(Beginning of ENTRIES SHOWN)

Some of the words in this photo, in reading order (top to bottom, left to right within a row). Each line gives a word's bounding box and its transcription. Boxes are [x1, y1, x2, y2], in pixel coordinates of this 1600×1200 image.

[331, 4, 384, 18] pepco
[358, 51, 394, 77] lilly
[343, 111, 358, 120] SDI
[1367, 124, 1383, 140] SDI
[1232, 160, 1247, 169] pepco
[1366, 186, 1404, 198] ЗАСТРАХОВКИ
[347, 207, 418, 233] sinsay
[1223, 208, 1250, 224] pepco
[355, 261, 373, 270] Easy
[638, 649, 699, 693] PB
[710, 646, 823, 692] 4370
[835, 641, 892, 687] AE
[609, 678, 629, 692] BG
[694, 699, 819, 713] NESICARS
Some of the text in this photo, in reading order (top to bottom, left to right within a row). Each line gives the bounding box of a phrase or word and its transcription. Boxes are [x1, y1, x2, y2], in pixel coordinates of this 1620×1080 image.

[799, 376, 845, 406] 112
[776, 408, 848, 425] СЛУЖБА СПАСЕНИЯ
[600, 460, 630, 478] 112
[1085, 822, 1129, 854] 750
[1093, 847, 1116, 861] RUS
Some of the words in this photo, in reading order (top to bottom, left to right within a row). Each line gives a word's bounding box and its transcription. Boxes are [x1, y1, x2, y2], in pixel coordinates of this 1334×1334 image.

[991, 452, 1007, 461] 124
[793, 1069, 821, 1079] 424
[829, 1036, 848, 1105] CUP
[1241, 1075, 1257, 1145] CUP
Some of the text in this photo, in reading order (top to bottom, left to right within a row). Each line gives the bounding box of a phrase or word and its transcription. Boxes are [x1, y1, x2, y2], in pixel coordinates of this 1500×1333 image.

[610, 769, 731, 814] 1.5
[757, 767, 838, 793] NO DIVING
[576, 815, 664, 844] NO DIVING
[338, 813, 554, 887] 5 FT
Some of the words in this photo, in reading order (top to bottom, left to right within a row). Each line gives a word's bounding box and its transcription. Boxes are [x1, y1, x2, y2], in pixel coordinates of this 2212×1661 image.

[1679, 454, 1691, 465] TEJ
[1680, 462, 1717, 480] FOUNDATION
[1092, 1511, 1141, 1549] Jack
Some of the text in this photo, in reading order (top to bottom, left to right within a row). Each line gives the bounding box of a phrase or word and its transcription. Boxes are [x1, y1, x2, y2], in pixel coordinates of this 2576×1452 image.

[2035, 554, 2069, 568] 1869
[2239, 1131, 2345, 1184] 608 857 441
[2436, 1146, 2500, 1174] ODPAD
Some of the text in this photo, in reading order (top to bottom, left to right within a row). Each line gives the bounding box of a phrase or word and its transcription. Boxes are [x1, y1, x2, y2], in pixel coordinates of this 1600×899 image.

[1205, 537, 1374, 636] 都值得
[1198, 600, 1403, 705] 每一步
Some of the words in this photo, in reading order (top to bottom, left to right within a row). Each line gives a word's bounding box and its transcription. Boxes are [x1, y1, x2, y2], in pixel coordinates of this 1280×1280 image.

(End of ENTRIES SHOWN)

> _EXERCISE DIRECTIONS_
Retype all the records, matching them exactly.

> _EXERCISE SOLUTION_
Some of the words in this photo, in reading order (top to bottom, left to right within a row). Each line gives a word's bounding box and its transcription. Boxes are [x1, y1, x2, y2], in pixel coordinates of this 1600×1200 image.

[331, 4, 384, 18] pepco
[358, 51, 394, 77] lilly
[343, 111, 358, 120] SDI
[1367, 124, 1383, 140] SDI
[1232, 160, 1247, 169] pepco
[1366, 186, 1404, 198] ЗАСТРАХОВКИ
[347, 207, 418, 233] sinsay
[1223, 208, 1250, 224] pepco
[355, 261, 373, 270] Easy
[638, 649, 699, 693] PB
[710, 646, 823, 692] 4370
[835, 641, 892, 687] AE
[609, 678, 629, 692] BG
[694, 699, 819, 713] NESICARS
Some of the text in this photo, in reading order (top to bottom, left to right within a row). Each line gives the bounding box of a phrase or word and its transcription. Boxes are [x1, y1, x2, y2], in pixel coordinates of this 1620×1080 image.

[799, 376, 845, 406] 112
[776, 408, 848, 425] СЛУЖБА СПАСЕНИЯ
[600, 460, 630, 478] 112
[1085, 822, 1129, 854] 750
[1093, 847, 1116, 861] RUS
Some of the words in this photo, in reading order (top to bottom, left to right within a row). Each line gives a word's bounding box and its transcription. Boxes are [x1, y1, x2, y2], in pixel coordinates of this 1334×1334 image.

[991, 452, 1007, 461] 124
[793, 1069, 821, 1079] 424
[829, 1036, 848, 1105] CUP
[1241, 1075, 1257, 1145] CUP
Some of the text in this photo, in reading order (top to bottom, left to right within a row). Each line gives the bounding box of a phrase or word and its transcription. Boxes are [x1, y1, x2, y2], in pixel coordinates of this 1500×1333 image.

[610, 769, 731, 814] 1.5
[757, 767, 838, 793] NO DIVING
[576, 815, 664, 844] NO DIVING
[338, 813, 554, 887] 5 FT
Some of the words in this photo, in reading order (top to bottom, left to right within a row). Each line gives a word's bounding box and its transcription. Boxes are [x1, y1, x2, y2], in pixel coordinates of this 2212×1661 image.

[1679, 454, 1691, 465] TEJ
[1680, 462, 1717, 480] FOUNDATION
[1092, 1511, 1141, 1549] Jack
Some of the text in this photo, in reading order (top to bottom, left to right within a row). Each line gives the bounding box of a phrase or word and its transcription. Boxes are [x1, y1, x2, y2], in pixel coordinates of this 2576×1452 image.

[2035, 554, 2069, 568] 1869
[2239, 1131, 2345, 1184] 608 857 441
[2436, 1146, 2500, 1174] ODPAD
Some of the text in this photo, in reading order (top to bottom, left to right within a row). Each line gives the bounding box of a phrase or word and its transcription. Boxes are [x1, y1, x2, y2], in pixel coordinates of this 1600×899 image.

[1205, 537, 1374, 636] 都值得
[1198, 600, 1403, 705] 每一步
Some of the words in this photo, in reading order (top to bottom, left to right within a row). Each line gives a word's bounding box and its transcription. Boxes are [x1, y1, x2, y2], in pixel coordinates of this 1280×1280 image.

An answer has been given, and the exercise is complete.